Wednesday, October 03, 2007
On Being an Old Lady Watching Hardcore On TV
Darby Crash of the Germs - who I credit for inspiring hardcore
Over the weekend, I was relaxing in front of the TV set with my friend, Jackie Sharp, who was (and still is) a principal in Target Video, the collective that I always refer to as the San Francisco punk rock version of the Factory (as in Warhol, and not like Tony Wilson's record label). We were watching American Hardcore and reminiscing about the old punk days and the birth and rise of hardcore. We even joked to ourselves that we were a couple of middle aged women watching punk rock on TV and laughed out loud at the reality that since Punk is 30... PUNKS themselves are 45+....
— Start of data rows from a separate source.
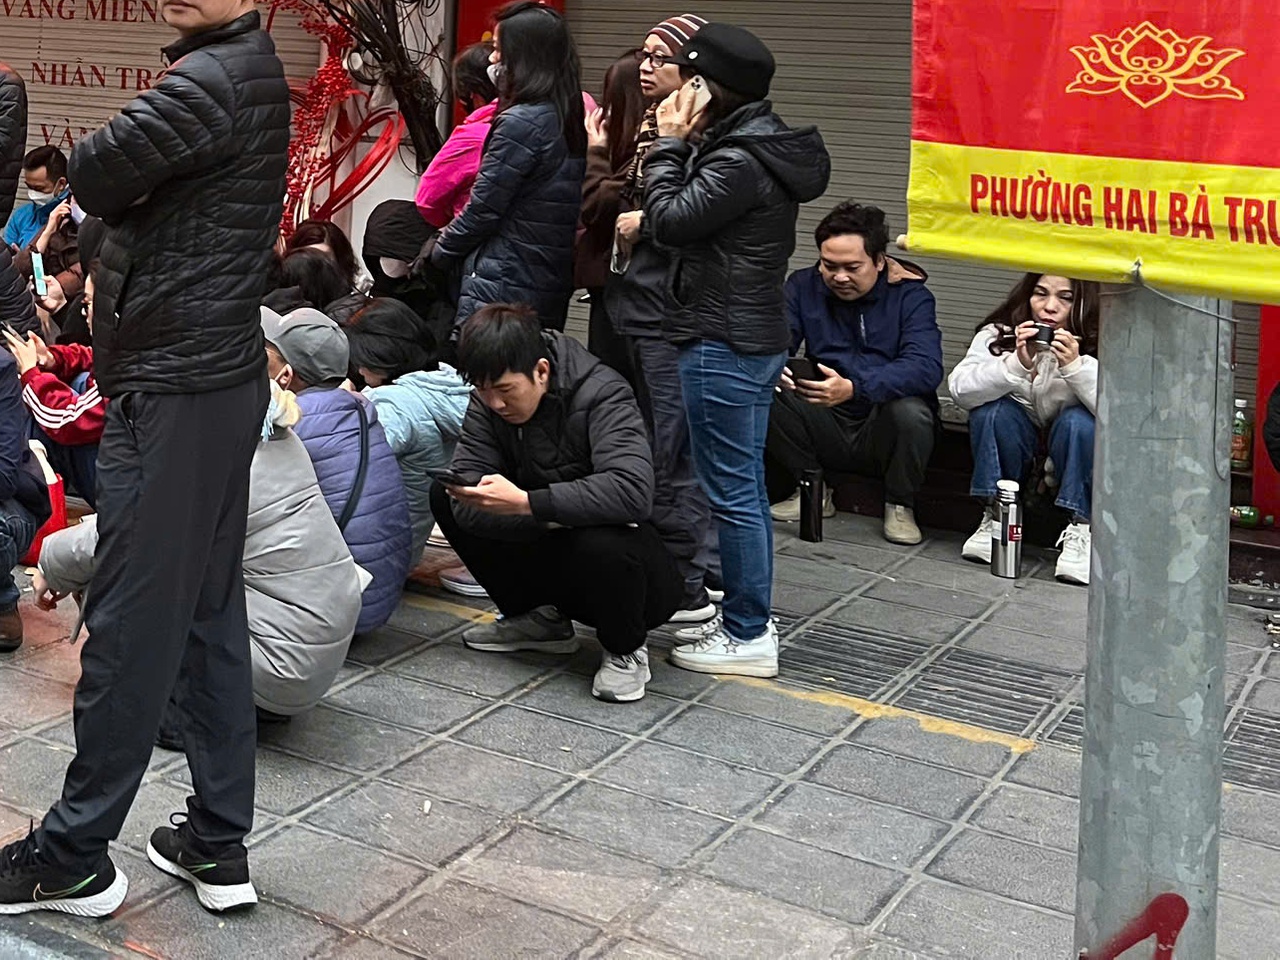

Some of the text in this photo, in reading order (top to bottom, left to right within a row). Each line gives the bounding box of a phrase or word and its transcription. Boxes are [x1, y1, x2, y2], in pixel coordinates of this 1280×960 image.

[31, 57, 107, 88] NHẪN
[970, 169, 1094, 227] PHƯỜNG
[1103, 186, 1158, 234] HAI
[1170, 184, 1215, 240] BÀ
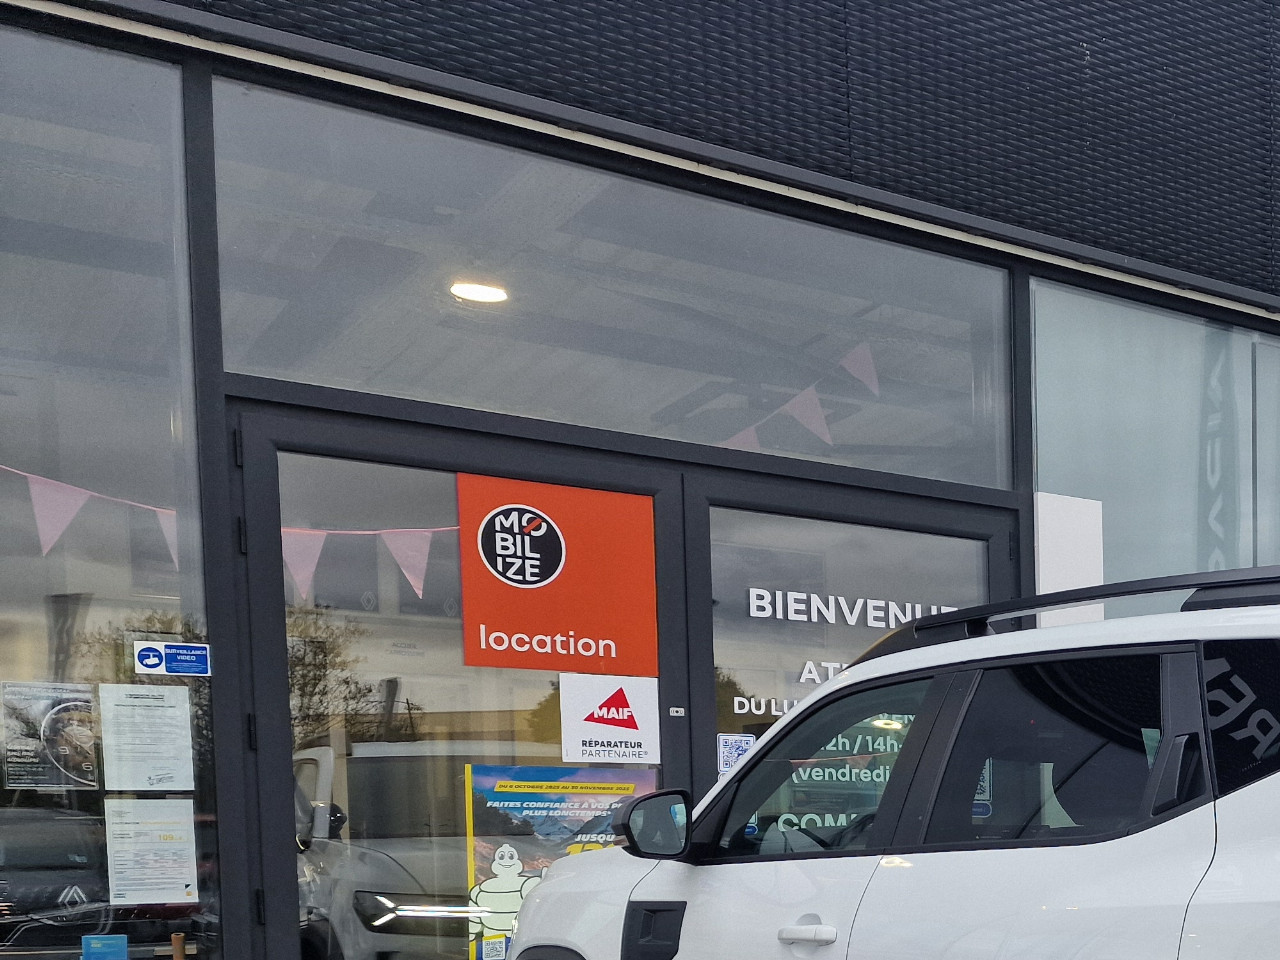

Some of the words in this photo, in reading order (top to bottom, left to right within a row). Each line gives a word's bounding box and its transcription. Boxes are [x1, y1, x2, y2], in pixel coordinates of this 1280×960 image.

[495, 532, 541, 559] BIL
[496, 556, 541, 581] IZE
[750, 588, 959, 628] BIENVEN
[479, 624, 617, 658] location
[800, 661, 849, 684] AT
[593, 706, 633, 719] MAIF
[733, 696, 766, 715] DU
[581, 738, 643, 749] RÉPARATEUR
[522, 801, 581, 809] CONFIANCE
[777, 813, 858, 832] COM
Mike Watt, Evan Foster, Michael Kastelic, 2004
Hardcore has always been a difficult one for me...it was hard core... literally rough and violent and way too much for a girl to withstand. And in watching American Hardcore and seeing all the footage, Jackie and I were noticing that the scenes in Washington, DC and other non-California venues didn't have any women in the crowd shots. It wasn't until the interview with Black Flag's Kira Roessler came on the screen that you saw a woman.
And Kira's an LA Woman. You see, in California, women were part and parcel of the hardcore scene. They'd be in the mosh pit, duking it out with the rest of the people...all guys. Tough guys. It was way too much for me. I watched from the back of the room.
Intellectually perhaps I always "got it." But the reality was that I was not going to be IN that kind of situation. No, I don't like being accidentally smacked in the head! So pretty much, I wrote off hardcore as music to see.
I credit the Germs somehow for inspiring hardcore... whether it was Darby Crash and his unpredictable and often self-mutilating performances that inspired violence in others, or something else entirely. I also credit the South Bay and its native son, Mike Watt for raising the stakes and hardcore's profile.
Then the 80s came and punk rock seemed to be only hardcore. Anything with a pop edge was New Wave, or else a more straightforward rock n roll with a punk edge stayed in the garage, genre-wise. But in watching American Hardcore more than 20 years after the phenomenon itself started, I gained new respect for the genre. It still doesn't mean you'll see me in the pit! GO ahead and call me an Old Lady! I am one.
Certainly, one of the best interviews in the documentary was with Ian MacKaye, a DC native son who explained it for everyone in a way that allows even the most disapproving of the genre to have some empathy. I was going to call him, actually, and tell him so. Then I read some bad news on the internet in the form of a question, "Did Ian MacKaye Die?" There was none more freaky a coincidence than that. But thankfully, the all-knowing Goner Board Donkey cleared it all up with a useful and informative link to a paper of record in MacKaye's stomping ground. So without further ado, ladies and germs... I give you the Baltimore Sun.
Ian MacKaye is alive. Elvis is still dead
A phone rings at 6:08 p.m. in Arlington, Va. A 45-year-old man picks up. The caller doesn't even have the chance to offer a greeting.
"I am still alive," reports Ian MacKaye, the frontman of such punk acts as Minor Threat and Fugazi, and the founder of Washington's Dischord Records.
This would not be news except that The Sun and apparently many other organizations had been told that MacKaye was, in fact, dead. We were told that he died Monday night at Baltimore's St. Agnes Hospital. A call to the hospital found no evidence of such a patient. We followed up with calls to Dischord (left a message) and to MacKaye's home.
"I am happy to report that I am not dead," says MacKaye. He and the record company had been blasted with calls, he says, after premature reports of his death were posted on MySpace and Wikipedia. He says he hasn't been able to find the MySpace reference, but had the Wikipedia posting removed -- and then re-removed, once someone reinserted the false news.
That just goes to show.... Caveat Emptor applies to wikipedia and myspace double!